I've visited the ol' friend of compulsive overeating to help me get through. The busy-ness has also crowded out most of the exercise I'd usually do. After gaining about 10 lbs in about 4 weeks, I feel gross. I feel lethargic and I am starting to feel softer in places that shouldn't be soft, and am losing muscle definition. By all accounts, these things are undesirable.

But do you know what? I realized I am oddly grateful for this. As a result of this, I got to feel how my body shuts down when it's not properly fed or nourished. It's not pretty, and I feel disgusting. It was a great reminder as to why I'm getting healthy. Also, it really reinforced the idea that I am a food addict. Though I am not proud of the title, I think I need reminders sometimes when I feel like "man, I've got this" -- you know, the whole "pride comes before a fall" thing. I have ruined my brain chemistry and neural pathways pathways to not treat food normally (or it genetic, I don't know -- but either way, the result is the same).
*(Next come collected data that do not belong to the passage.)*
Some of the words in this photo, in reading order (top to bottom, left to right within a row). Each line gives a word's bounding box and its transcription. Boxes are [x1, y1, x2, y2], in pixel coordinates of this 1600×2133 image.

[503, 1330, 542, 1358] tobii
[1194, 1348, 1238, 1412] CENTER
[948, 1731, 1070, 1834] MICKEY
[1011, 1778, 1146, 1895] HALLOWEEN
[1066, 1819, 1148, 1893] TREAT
Starting yesterday, I said "This is enough." Yesterday and today I have eaten food that honors and nourishes my body; I went for a bike ride yesterday and went to Zumba today. I have worked a whole lot, but I am cutting out TV and excessive internet usage as a way to relax, and instead spending that time on working out. I feel a lot better, even with just 2 days of healthiness under my belt.

I've said it before, and I've said it again: I am a tough broad and I will not give up. This healthiness thing is the way God intended for us to live, and I am going to need to trust Him to help me restore my body to the way he intended for it to work. That starts with giving the body what it needs and deserves both in the form of food and exercise.